──────── Exercise inputs ────────
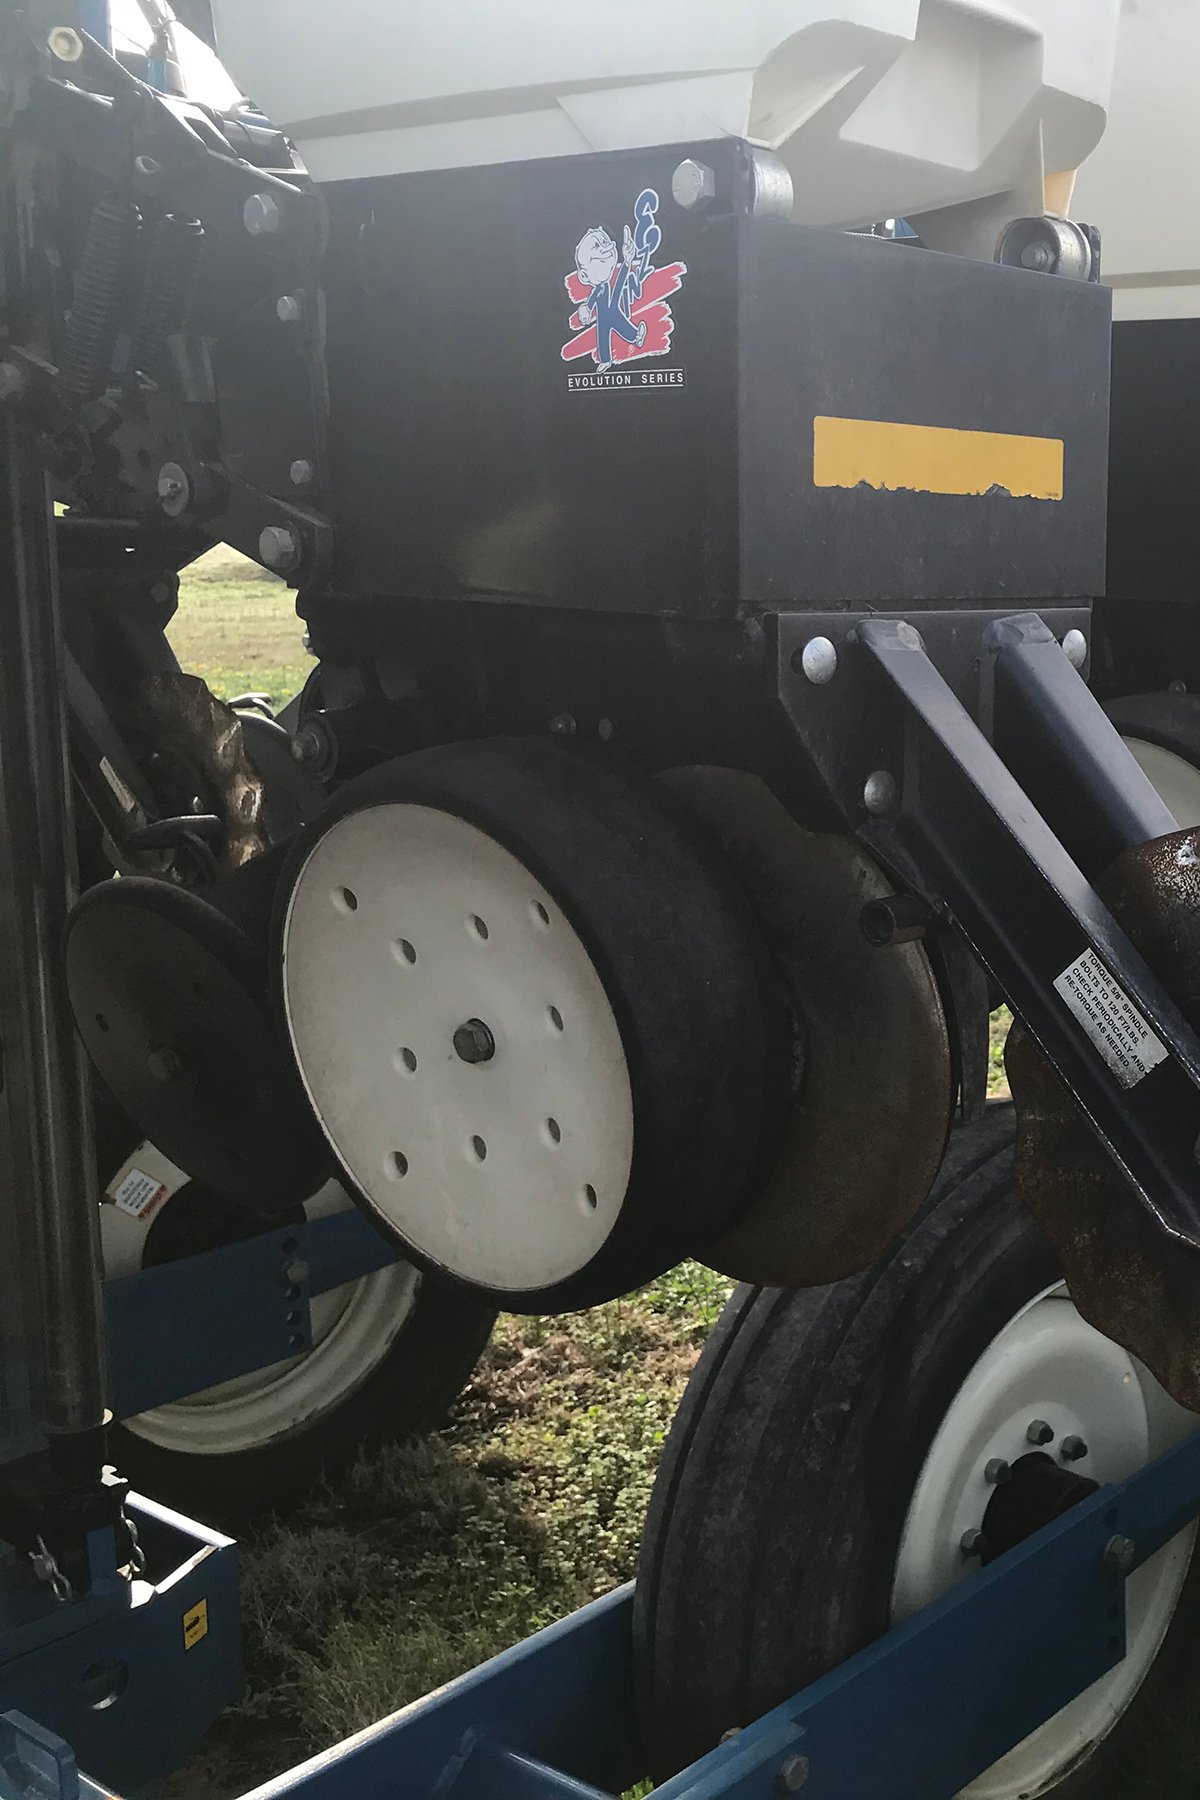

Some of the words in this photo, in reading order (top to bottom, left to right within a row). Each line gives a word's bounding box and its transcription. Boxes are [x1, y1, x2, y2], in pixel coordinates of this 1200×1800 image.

[568, 374, 631, 388] EVOLUTION
[642, 372, 684, 384] SERIES
[1064, 974, 1099, 1022] RE-TORQUE
[1096, 1021, 1107, 1035] AS
[1079, 960, 1101, 988] BOLTS
[1098, 987, 1109, 1001] TO
[1107, 1000, 1119, 1016] 120
[1088, 952, 1113, 986] TORQUE
[1121, 1003, 1149, 1039] SPINDLE
[1072, 967, 1094, 996] CHECK
[1091, 996, 1133, 1053] PERIODICALLY
[1131, 1054, 1145, 1073] AND
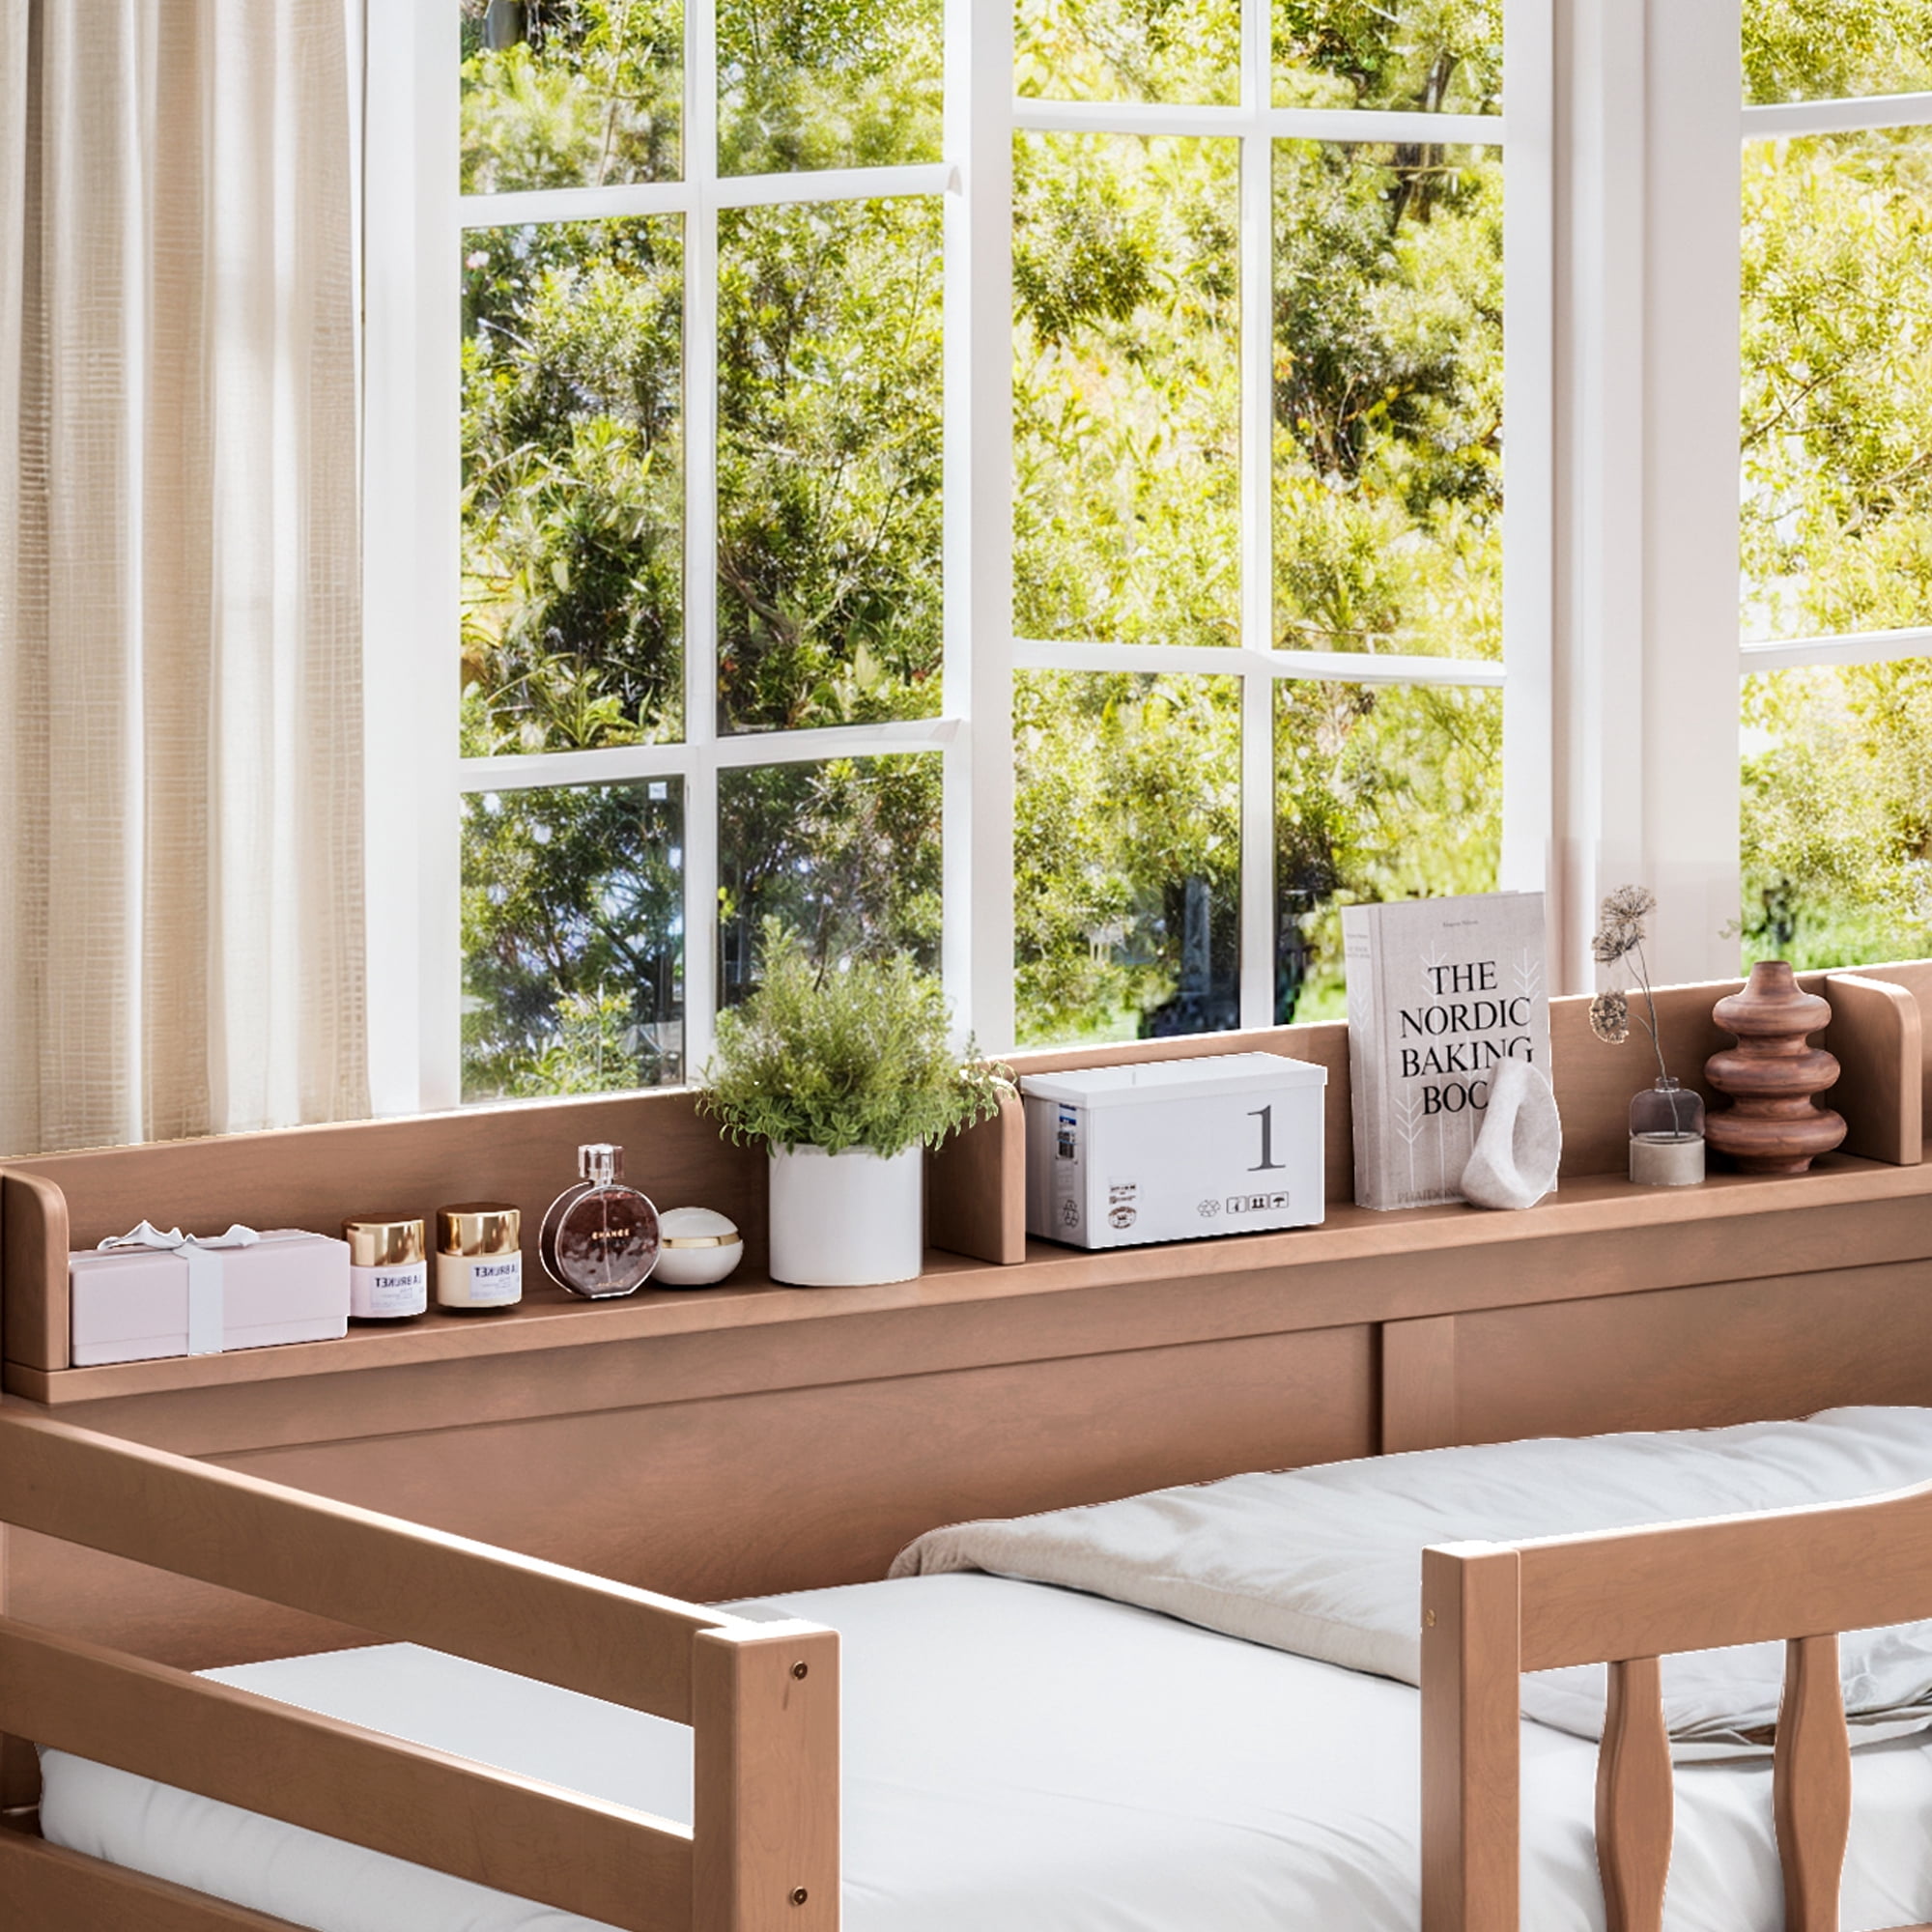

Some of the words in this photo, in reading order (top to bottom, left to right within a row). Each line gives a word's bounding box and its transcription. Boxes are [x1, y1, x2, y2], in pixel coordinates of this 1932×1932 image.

[1428, 960, 1497, 995] THE
[1399, 997, 1531, 1039] NORDIC
[1401, 1036, 1534, 1078] BAKING
[1422, 1080, 1489, 1116] BOO
[1247, 1104, 1286, 1172] 1
────────
*What you need to do*
Return the records above verbatim, leaving out images.

*Task response*
Some of the words in this photo, in reading order (top to bottom, left to right within a row). Each line gives a word's bounding box and its transcription. Boxes are [x1, y1, x2, y2], in pixel coordinates of this 1200×1800 image.

[568, 374, 631, 388] EVOLUTION
[642, 372, 684, 384] SERIES
[1064, 974, 1099, 1022] RE-TORQUE
[1096, 1021, 1107, 1035] AS
[1079, 960, 1101, 988] BOLTS
[1098, 987, 1109, 1001] TO
[1107, 1000, 1119, 1016] 120
[1088, 952, 1113, 986] TORQUE
[1121, 1003, 1149, 1039] SPINDLE
[1072, 967, 1094, 996] CHECK
[1091, 996, 1133, 1053] PERIODICALLY
[1131, 1054, 1145, 1073] AND

Some of the words in this photo, in reading order (top to bottom, left to right within a row). Each line gives a word's bounding box and its transcription. Boxes are [x1, y1, x2, y2], in pixel coordinates of this 1932×1932 image.

[1428, 960, 1497, 995] THE
[1399, 997, 1531, 1039] NORDIC
[1401, 1036, 1534, 1078] BAKING
[1422, 1080, 1489, 1116] BOO
[1247, 1104, 1286, 1172] 1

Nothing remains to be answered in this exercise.